[WHAT IS EXPECTED]: Copy each of the entries below faithfully, setting aside any pictures.

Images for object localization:
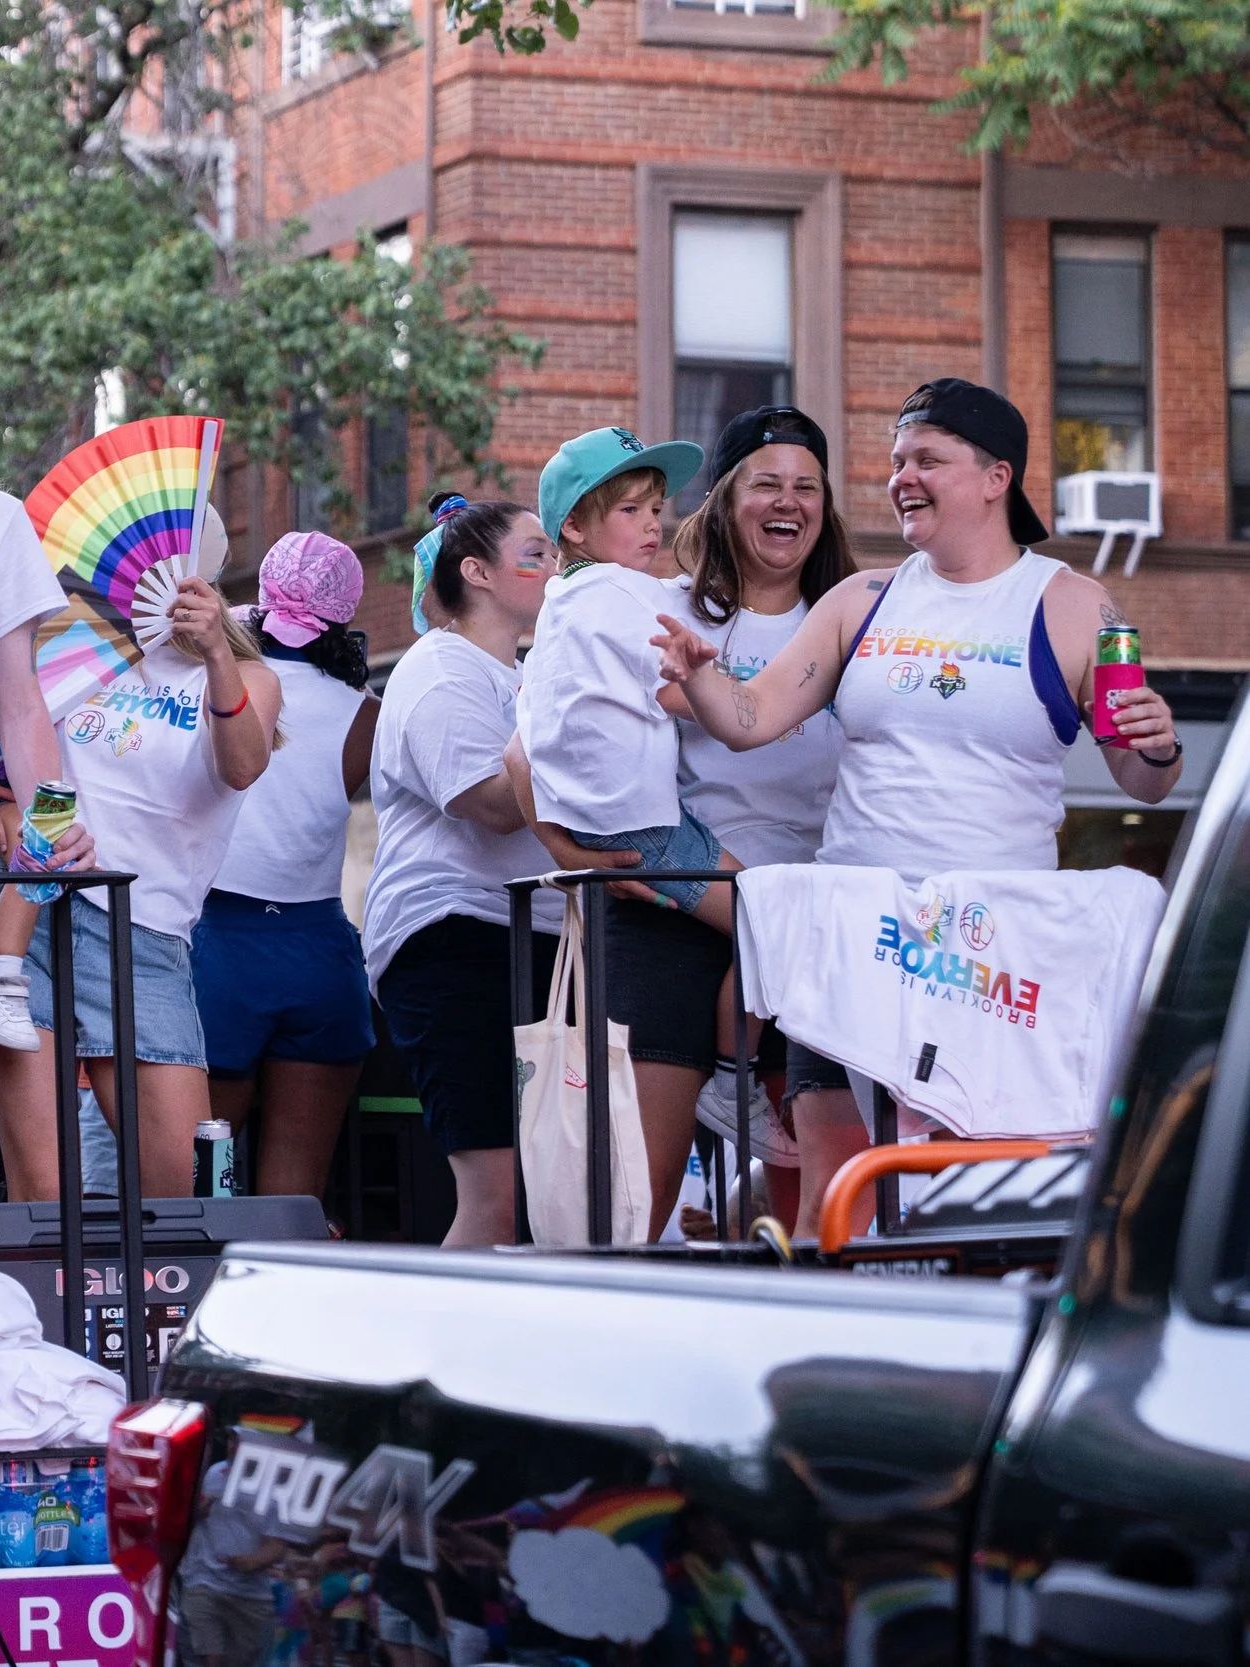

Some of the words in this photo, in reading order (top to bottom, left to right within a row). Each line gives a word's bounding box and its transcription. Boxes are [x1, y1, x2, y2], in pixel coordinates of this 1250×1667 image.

[873, 627, 954, 640] ROOKLYN
[992, 635, 1027, 645] FOR
[856, 637, 1024, 667] EVERYONE
[103, 684, 151, 696] KLYN
[156, 686, 171, 697] IS
[85, 691, 199, 731] ERYONE
[874, 947, 901, 966] OR
[877, 915, 1041, 1014] EVERYOE
[924, 983, 1037, 1029] BROOKLYN
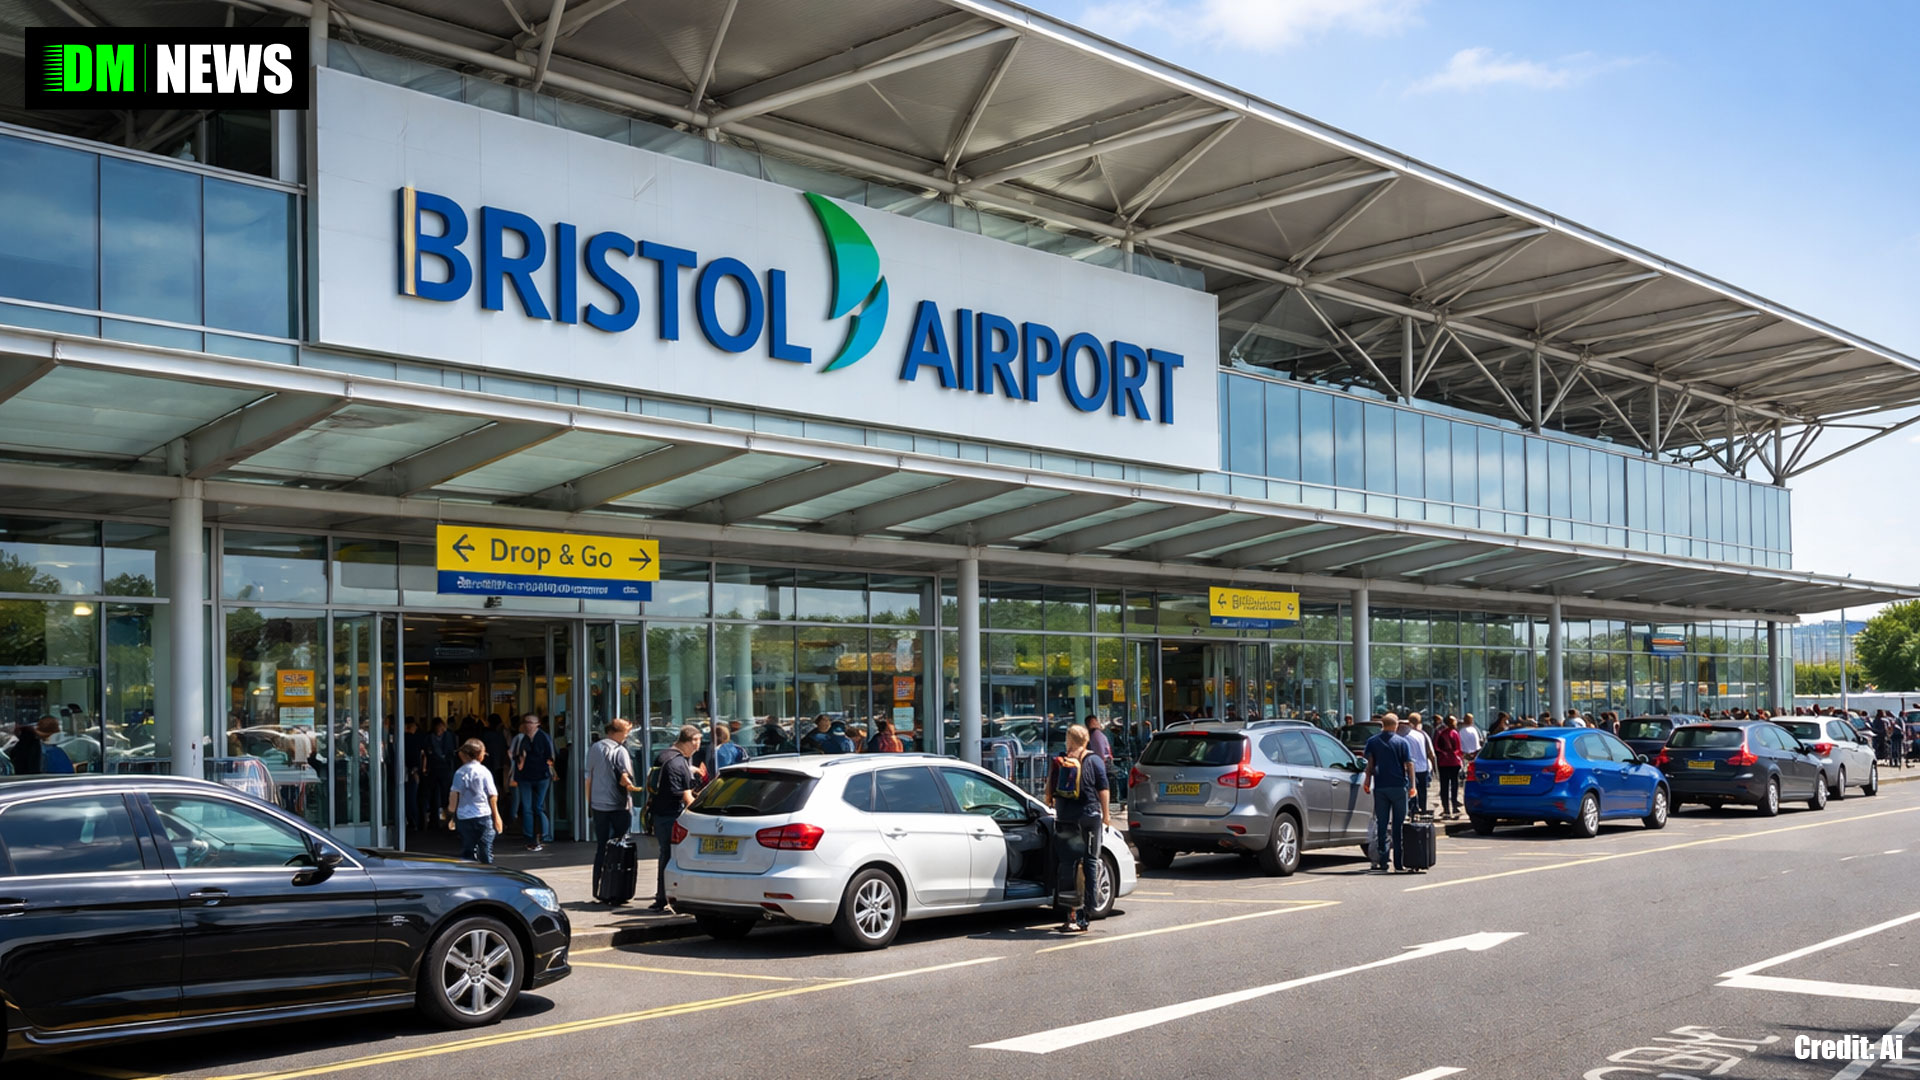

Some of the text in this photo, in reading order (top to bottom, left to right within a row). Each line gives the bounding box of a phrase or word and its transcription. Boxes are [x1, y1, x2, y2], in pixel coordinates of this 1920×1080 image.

[397, 186, 1185, 425] BRISTOL AIRPORT
[490, 538, 613, 570] Drop & Go

[EXERCISE RESULT]:
Some of the words in this photo, in reading order (top to bottom, left to right within a row). Each line gives a word's bounding box and its transcription. Boxes are [x1, y1, x2, y2], in pixel coordinates of this 1250×1667 image.

[873, 627, 954, 640] ROOKLYN
[992, 635, 1027, 645] FOR
[856, 637, 1024, 667] EVERYONE
[103, 684, 151, 696] KLYN
[156, 686, 171, 697] IS
[85, 691, 199, 731] ERYONE
[874, 947, 901, 966] OR
[877, 915, 1041, 1014] EVERYOE
[924, 983, 1037, 1029] BROOKLYN

Some of the text in this photo, in reading order (top to bottom, left to right within a row). Each line gives the bounding box of a phrase or word and its transcription. Boxes are [x1, y1, x2, y2], in pixel coordinates of this 1920×1080 image.

[397, 186, 1185, 425] BRISTOL AIRPORT
[490, 538, 613, 570] Drop & Go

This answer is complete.